**** Data for this task

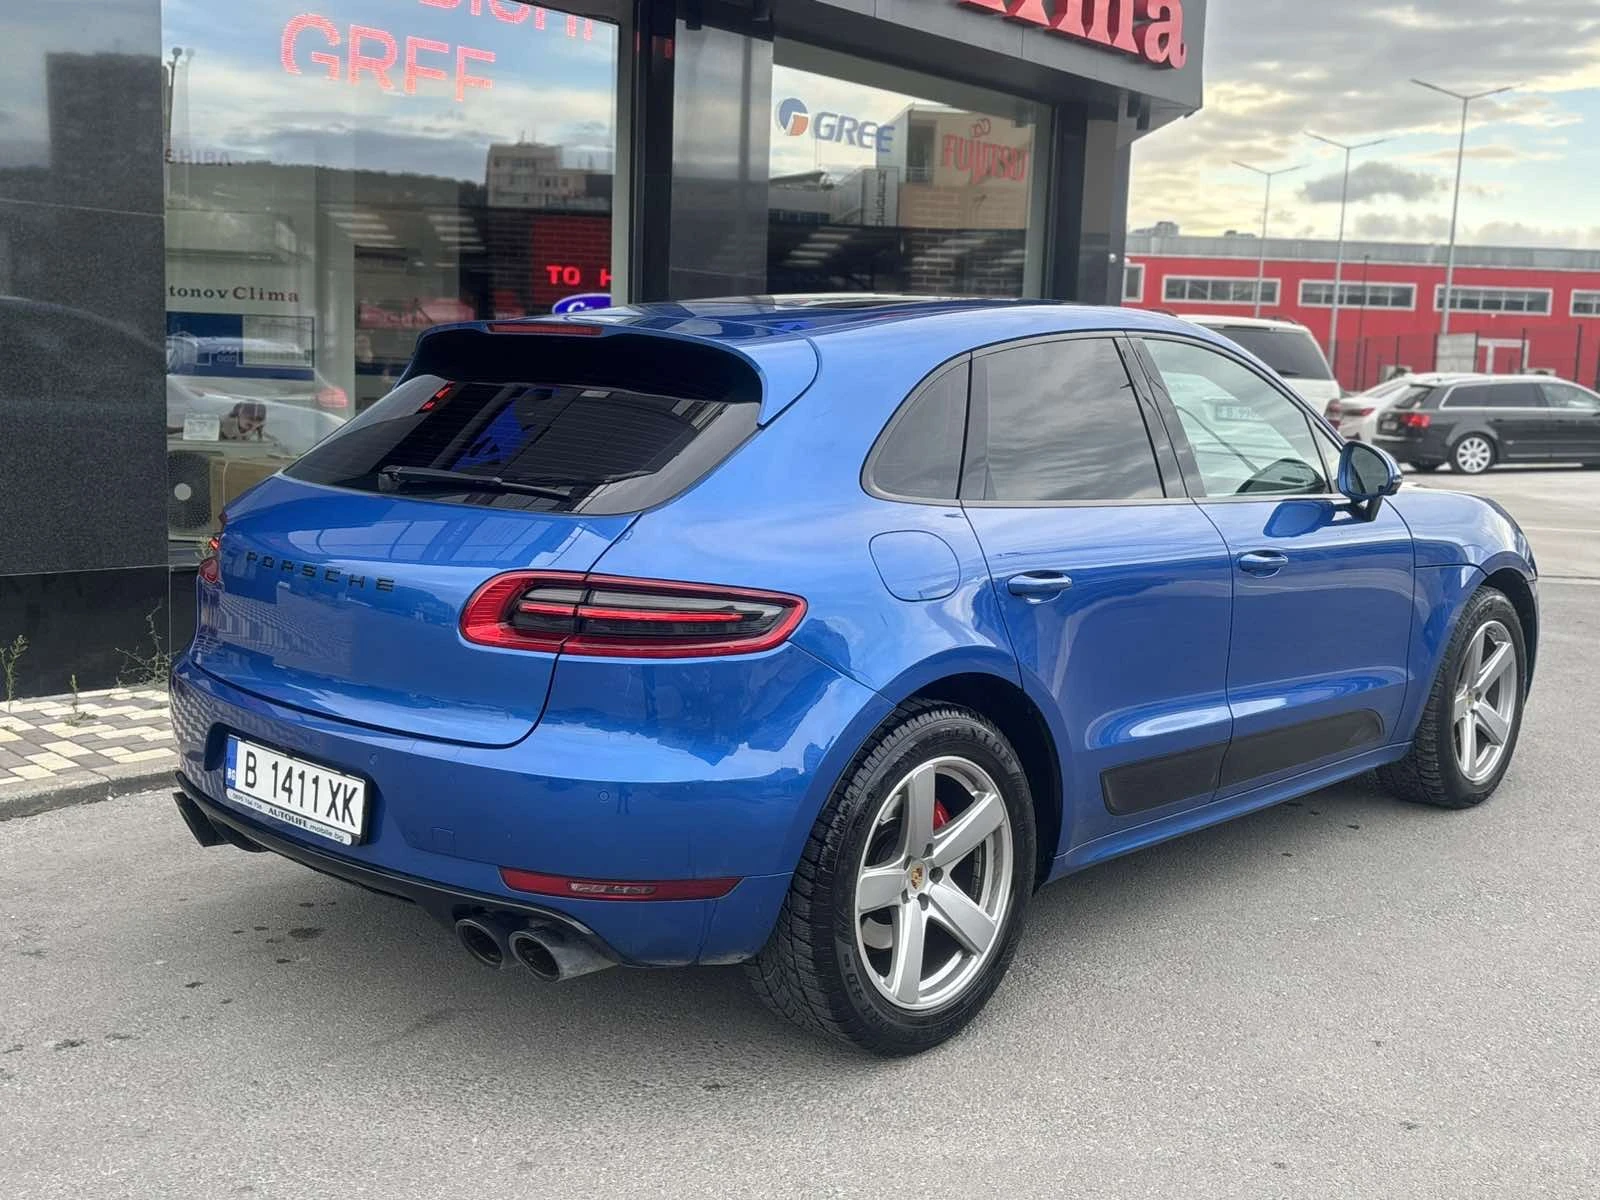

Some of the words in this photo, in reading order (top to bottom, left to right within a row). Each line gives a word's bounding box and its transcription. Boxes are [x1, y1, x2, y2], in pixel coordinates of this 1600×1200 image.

[813, 111, 896, 153] GREE
[942, 134, 1029, 185] FUJITSU
[546, 265, 580, 285] TO
[246, 551, 395, 593] PORSCHE
[244, 750, 257, 789] B
[267, 806, 309, 828] AUTOLIFE
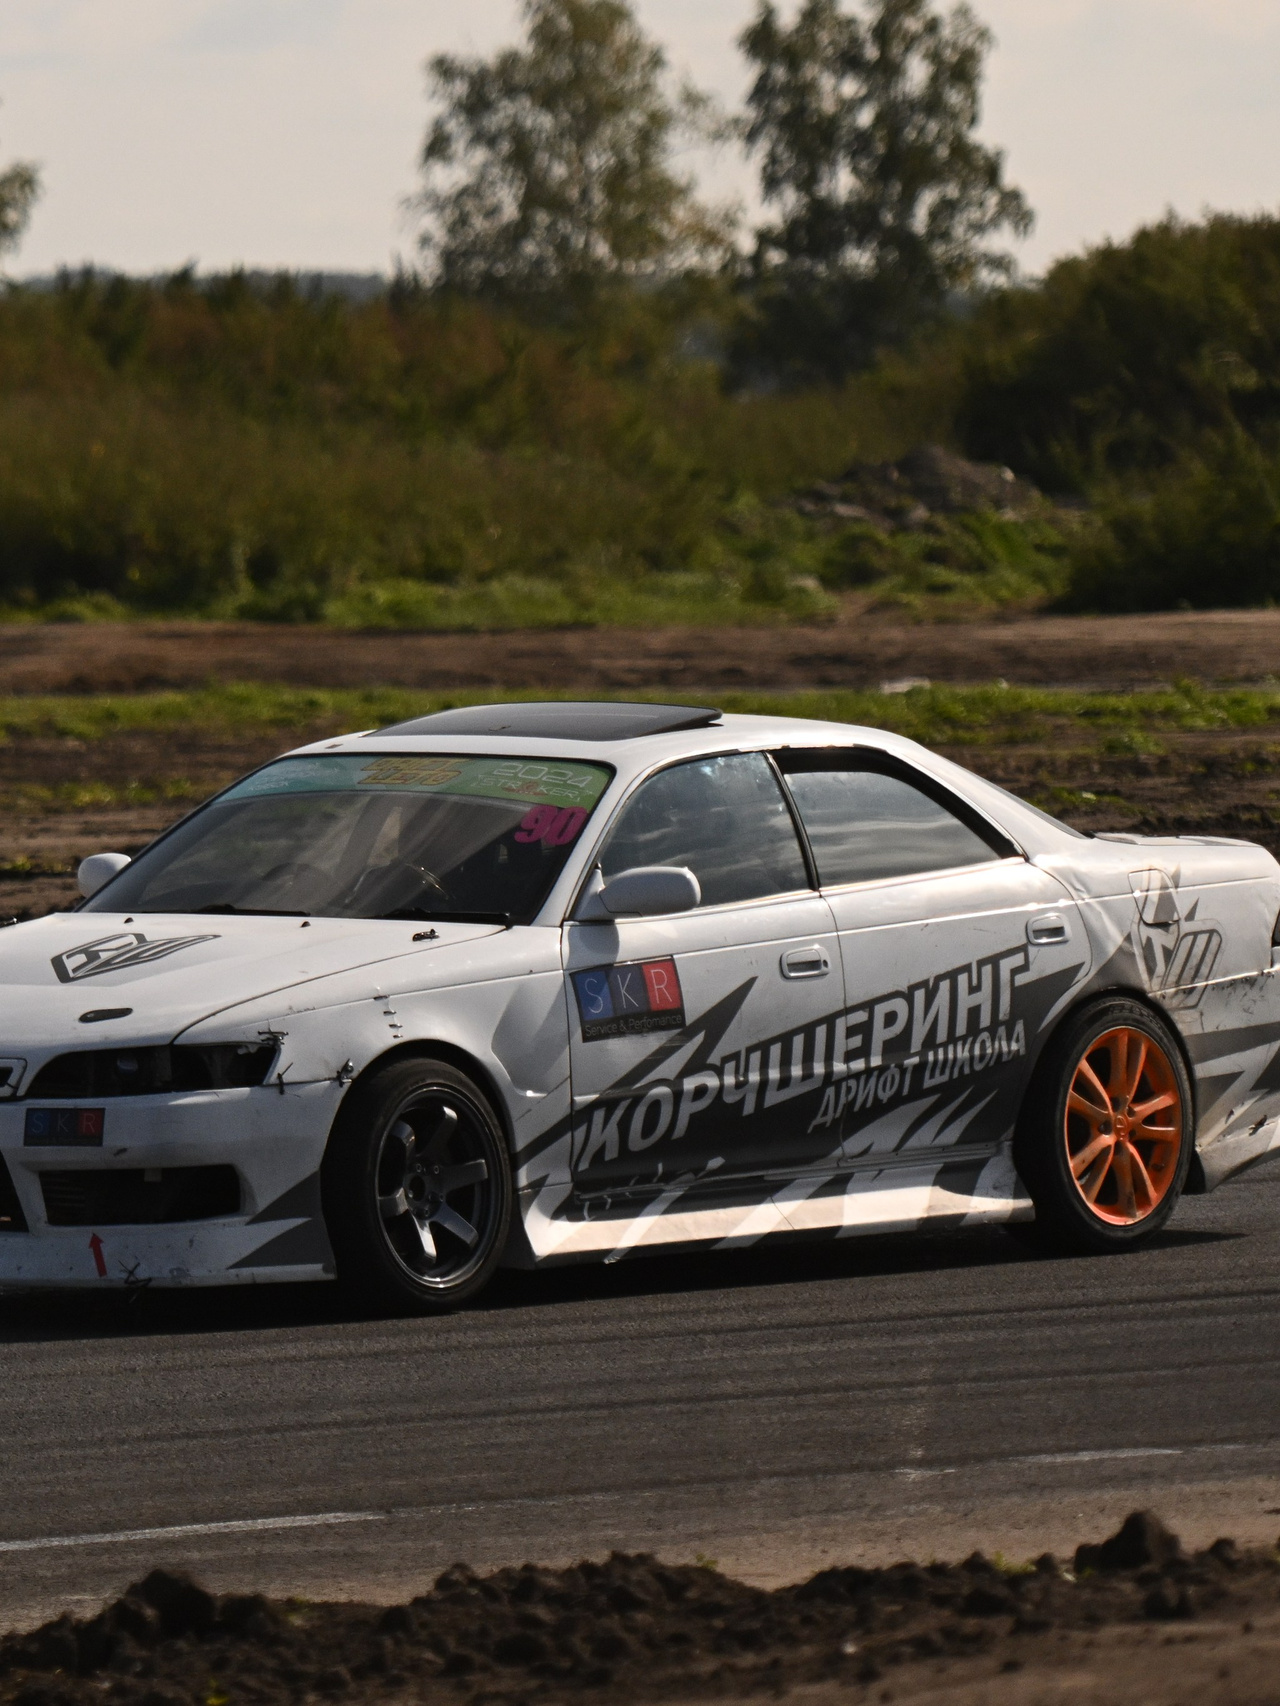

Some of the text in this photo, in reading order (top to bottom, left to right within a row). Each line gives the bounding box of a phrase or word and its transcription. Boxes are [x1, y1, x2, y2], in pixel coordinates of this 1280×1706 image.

[480, 777, 581, 799] STRKER
[493, 762, 593, 788] 2024
[514, 805, 588, 846] 90
[584, 968, 673, 1014] SKR
[585, 1023, 618, 1037] Service
[619, 1019, 627, 1032] &
[578, 957, 1030, 1171] КОРЧШЕРИНГ
[806, 1019, 1027, 1134] ДРИФТ ШКОЛА
[31, 1112, 96, 1134] SKR
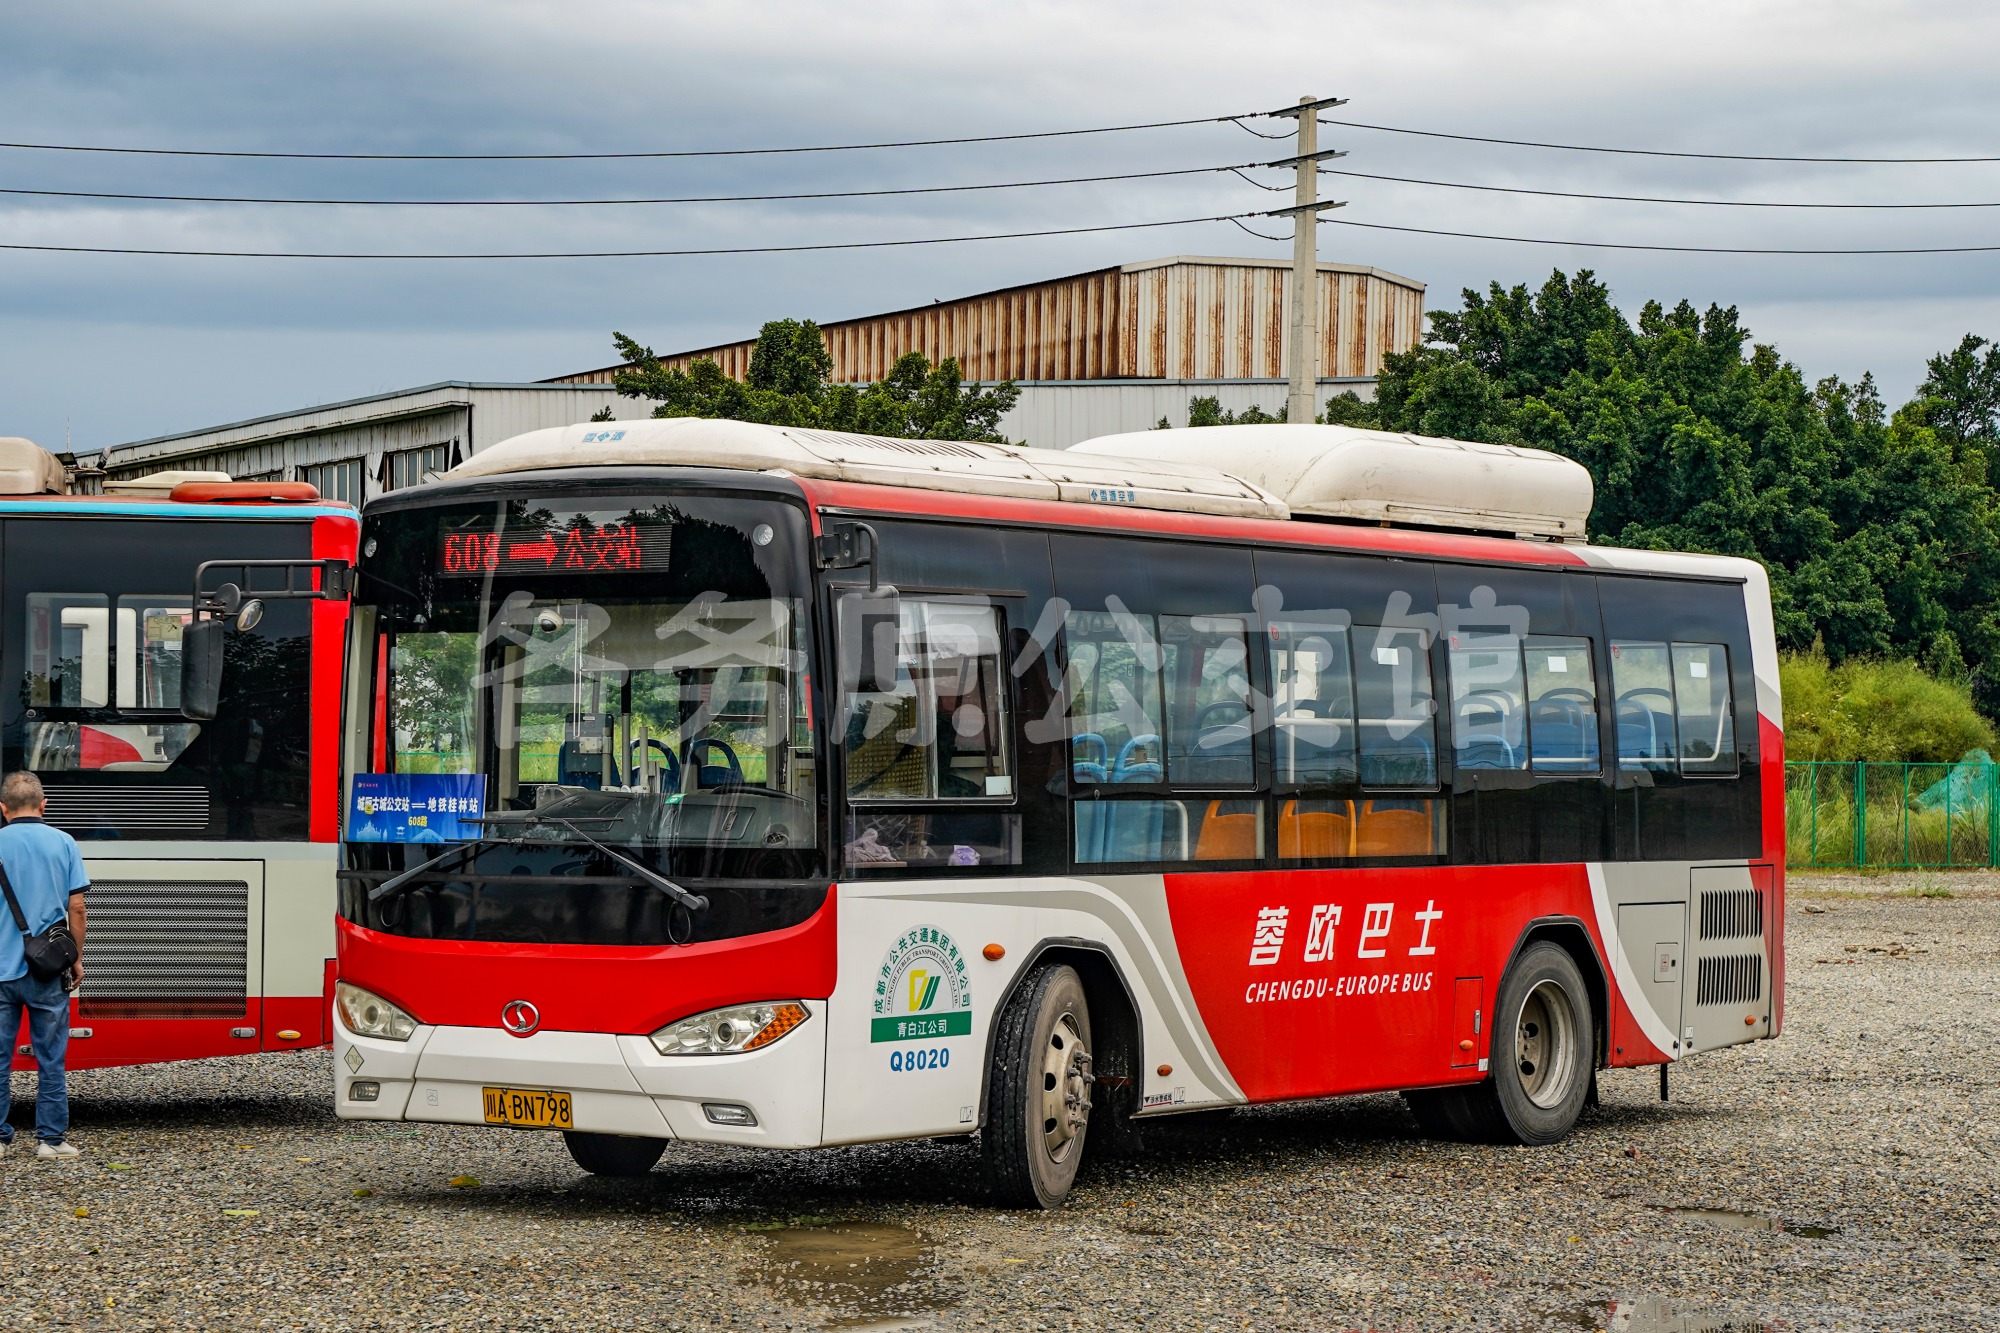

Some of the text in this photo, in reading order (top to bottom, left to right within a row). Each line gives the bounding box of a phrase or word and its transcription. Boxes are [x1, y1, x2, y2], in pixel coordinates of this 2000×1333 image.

********

Nothing but an exact repeat of the records, pictures excluded, belongs in the answer.

→ Result:
Some of the words in this photo, in reading order (top to bottom, left to right within a row). Each line gives a word's bounding box and its transcription. Boxes are [x1, y1, x2, y2], in pixel coordinates of this 1600×1200 image.

[813, 111, 896, 153] GREE
[942, 134, 1029, 185] FUJITSU
[546, 265, 580, 285] TO
[246, 551, 395, 593] PORSCHE
[244, 750, 257, 789] B
[267, 806, 309, 828] AUTOLIFE

Some of the text in this photo, in reading order (top to bottom, left to right within a row). Each line gives the bounding box of a phrase or word and its transcription. Boxes are [x1, y1, x2, y2], in pixel coordinates of this 1280×1706 image.

[480, 777, 581, 799] STRKER
[493, 762, 593, 788] 2024
[514, 805, 588, 846] 90
[584, 968, 673, 1014] SKR
[585, 1023, 618, 1037] Service
[619, 1019, 627, 1032] &
[578, 957, 1030, 1171] КОРЧШЕРИНГ
[806, 1019, 1027, 1134] ДРИФТ ШКОЛА
[31, 1112, 96, 1134] SKR

Some of the text in this photo, in reading order (top to bottom, left to right within a row). Each line gives the bounding box of a phrase or word and its transcription. Boxes are [x1, y1, x2, y2], in pixel coordinates of this 2000×1333 image.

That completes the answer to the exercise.